President Trump’s fintech order restarts Fed access debate, Ripple once again attracts attention
President Donald Trump’s latest fintech leadership has restarted a long-standing policy debate over who should have direct access to America’s core financial infrastructure.
As highlighted by RippleXity, center of order This is a review of the rules governing access to the Federal Reserve’s payment systems, such as Fedwire and FedNow. Currently, these rails are primarily limited to federally insured banks, and fintech and crypto companies must rely on partner banks to indirectly move funds through the system.
This Order does not remove these limitations. Instead, it is directing regulators, including the Federal Reserve, to reassess whether the frameworks built in the era of traditional banking still make sense in today’s financial system, defined by real-time payments, digital assets, and cross-border payments demands.
More importantly, this change in tone is especially important for a company like Ripple.
Digging deeper into Ripple’s Fed ambitions
Ripple has long focused on blockchain-based infrastructure for cross-border payments and settlements.
In 2025, one of the regulated institutions will apply for a master account with the Federal Reserve System, which, if approved, would give it direct access to the central bank’s payment rails without relying on an intermediary bank. This application remains under review and there is no indication that it will be approved.
Additionally, Ripple continues to feature in broader policy debates over whether the U.S. payments infrastructure is ready for the latest financial technology. parliamentary oversight Federal Reserve System Operational Readiness.

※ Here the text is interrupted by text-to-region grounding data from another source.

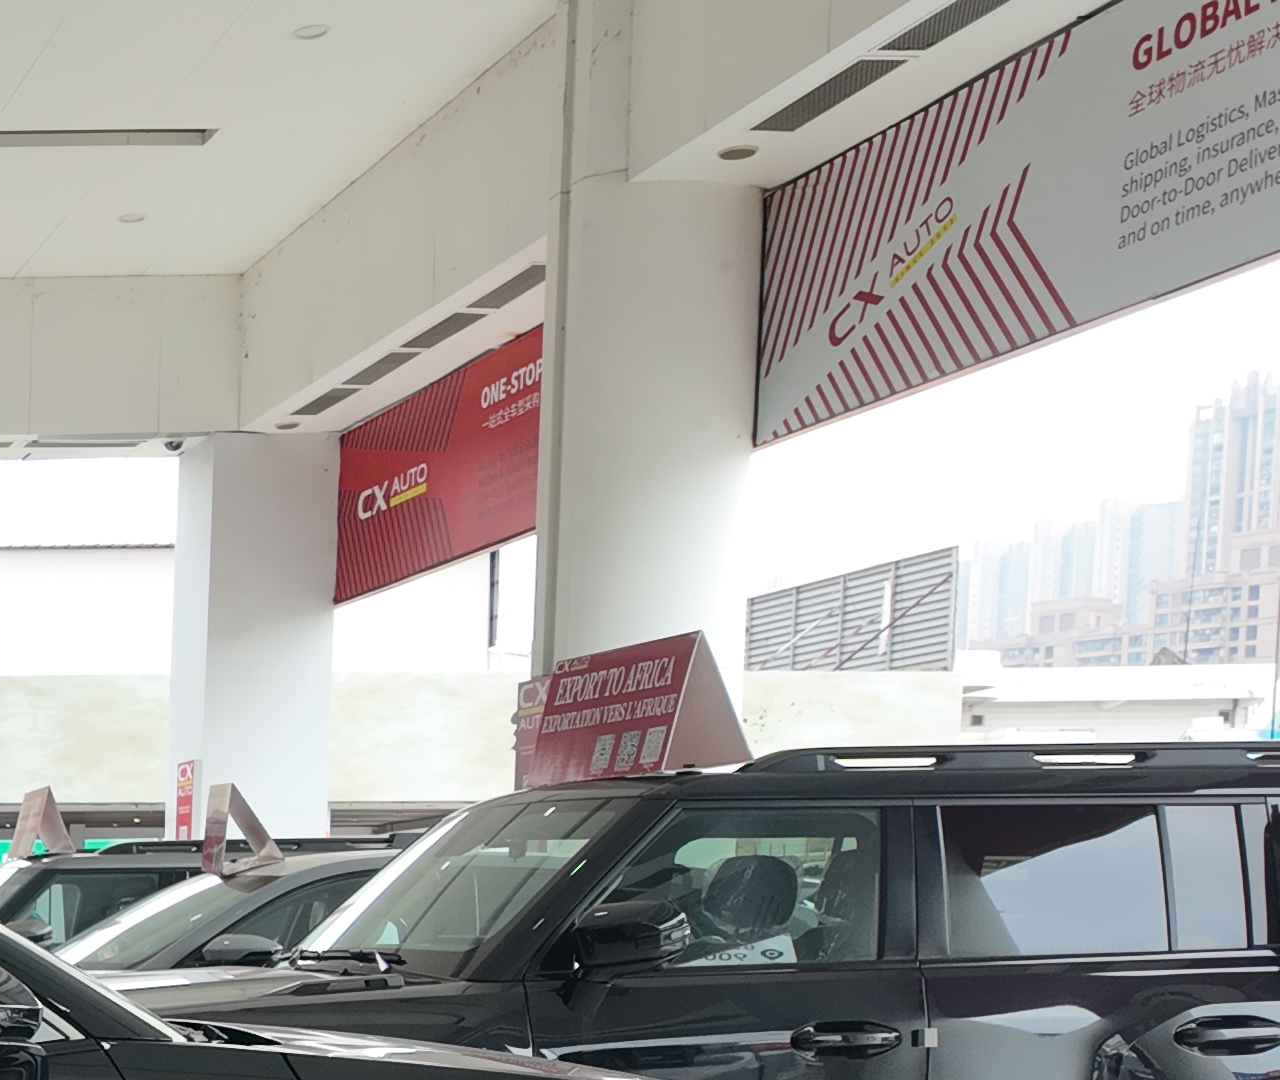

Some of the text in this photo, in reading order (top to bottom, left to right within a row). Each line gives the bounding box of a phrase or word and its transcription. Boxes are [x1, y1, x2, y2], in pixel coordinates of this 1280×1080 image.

[1121, 119, 1279, 198] shipping, insurance,
[1123, 133, 1173, 171] Global
[1177, 104, 1249, 144] Logistics,
[1120, 167, 1224, 224] Door-to-Door
[1118, 221, 1147, 250] and
[1150, 216, 1170, 237] on
[1174, 199, 1215, 226] time,
[828, 196, 954, 347] CX AUTO
[357, 479, 389, 520] CX
[390, 463, 428, 496] AUTO
[553, 655, 675, 706] EXPORT TO AFRICA
[554, 660, 572, 674] CX
[519, 680, 551, 708] CX
[541, 693, 678, 734] EXPORTATION VERS L'AFRIQUE
[518, 714, 542, 731] AUT
[178, 763, 193, 781] CX

Why does the current development matter? Well, there’s more to it than meets the eye, as President Trump’s order doesn’t single out any particular company, but it does force regulators to formally reconsider long-standing boundaries between banks and nonbank financial innovators, lines that have remained largely unchanged for decades.

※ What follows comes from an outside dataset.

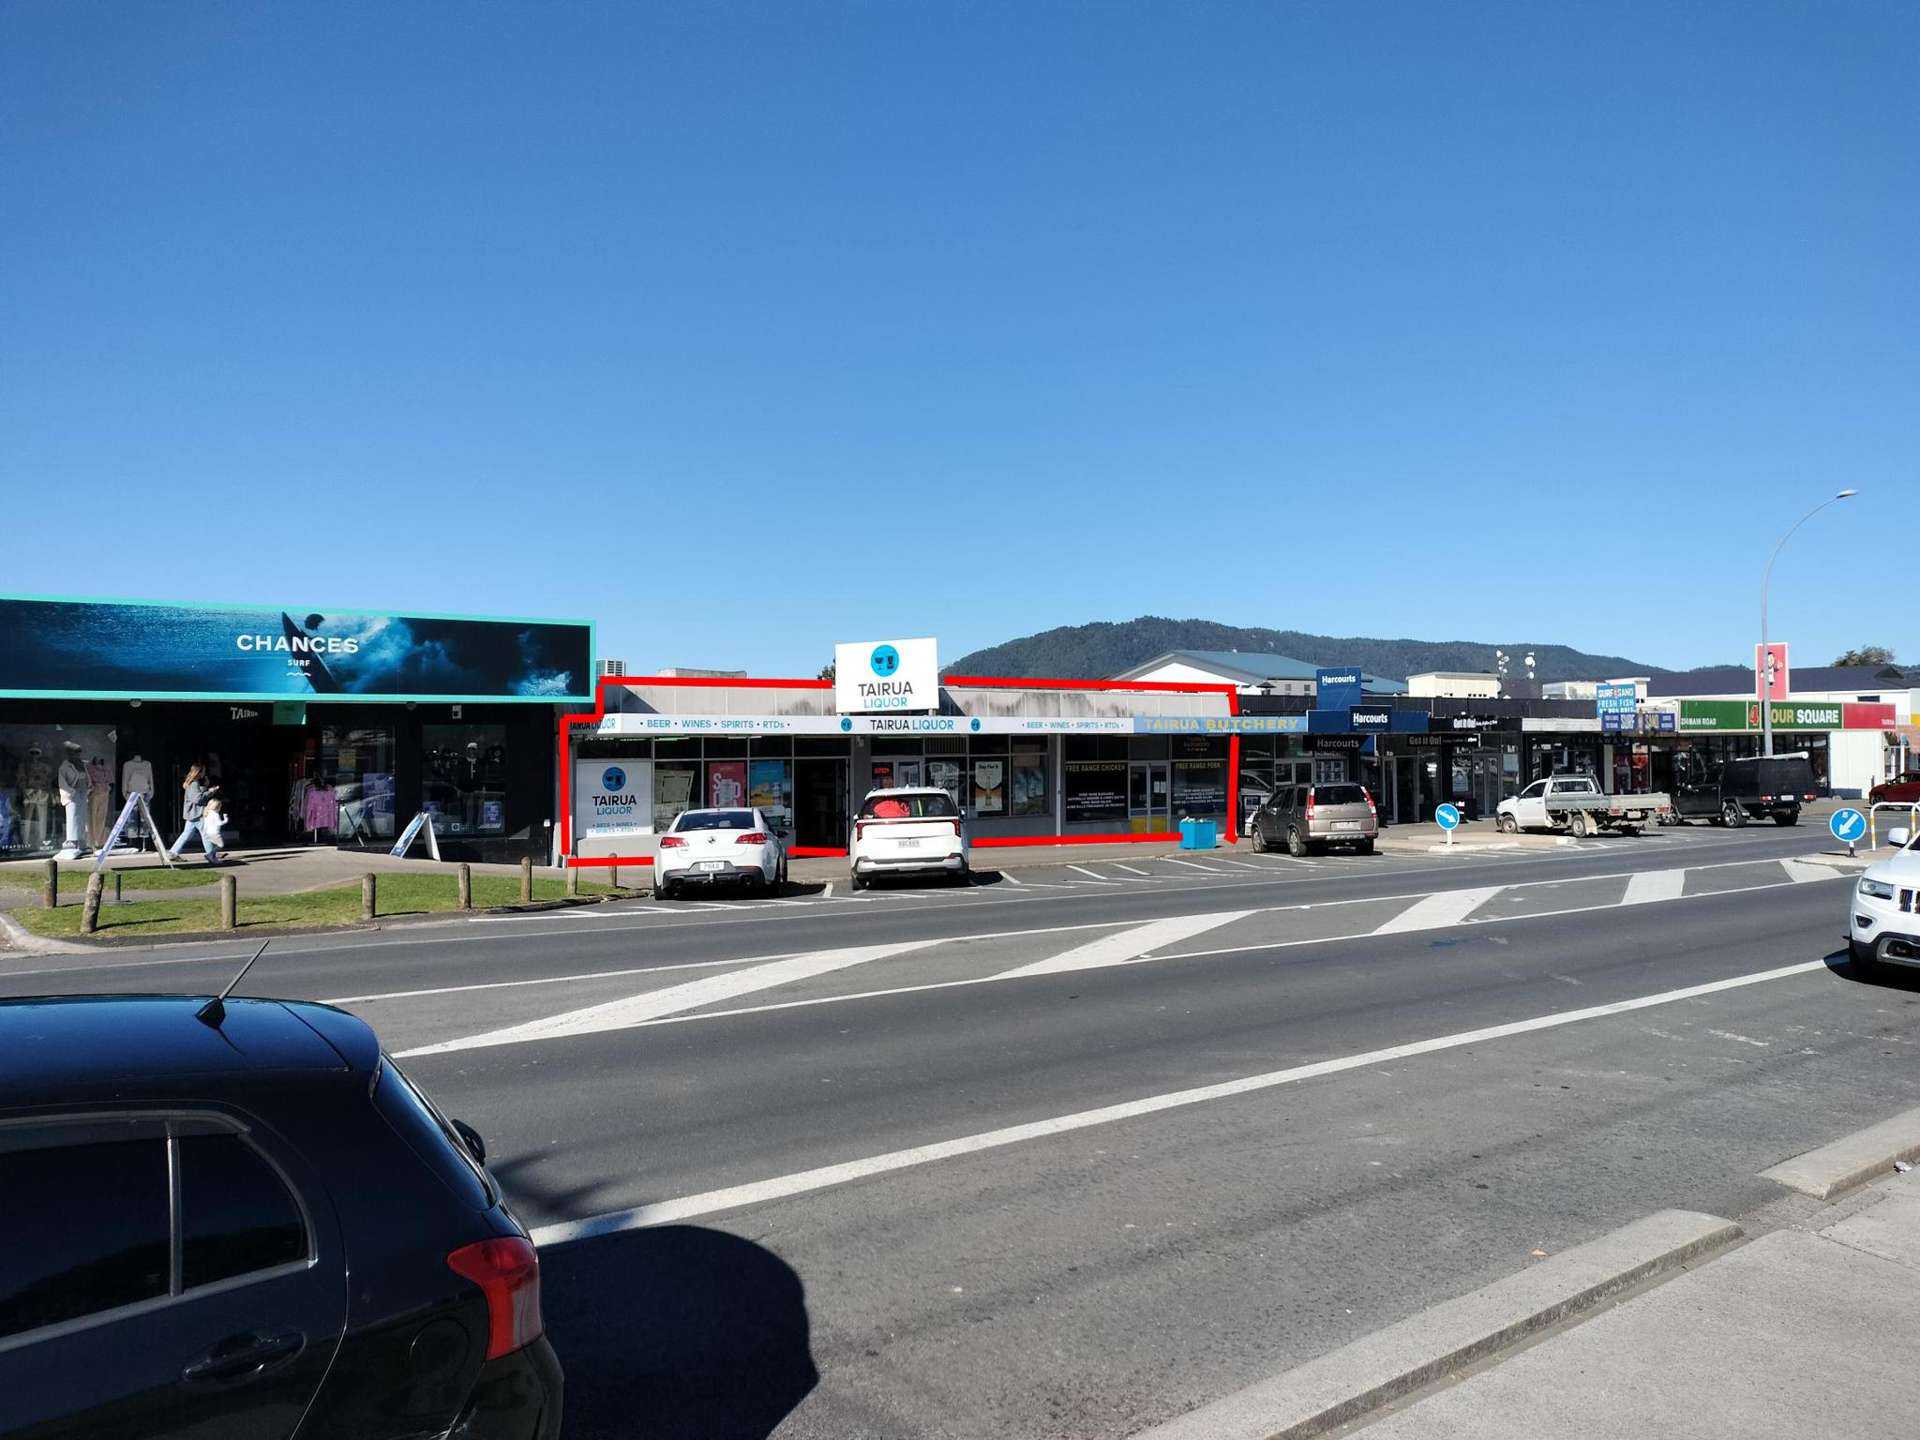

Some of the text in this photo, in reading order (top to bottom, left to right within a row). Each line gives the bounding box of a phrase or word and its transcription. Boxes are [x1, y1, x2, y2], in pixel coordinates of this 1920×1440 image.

In this context, Ripple is often discussed as part of a broader infrastructure conversation. In theory, direct access to the Federal Reserve system could reduce settlement friction and improve the efficiency of cross-border payments. $XRP As a result, it acts as a potential liquidity bridging asset.
Additionally, momentum is building around broader crypto law, including how the proposed CLARITY Act fits into legal regulations. ideal $XRP stepping stone There is further industry expectation that regulatory definitions are evolving over time.
Ultimately, what is important now is not that the system changes, but that it is reviewed.
Will this lead to greater access for non-bank players like Ripple and its native token? $XRPor simply strengthen existing boundaries, will depend on how regulators balance innovation and financial stability in the coming years.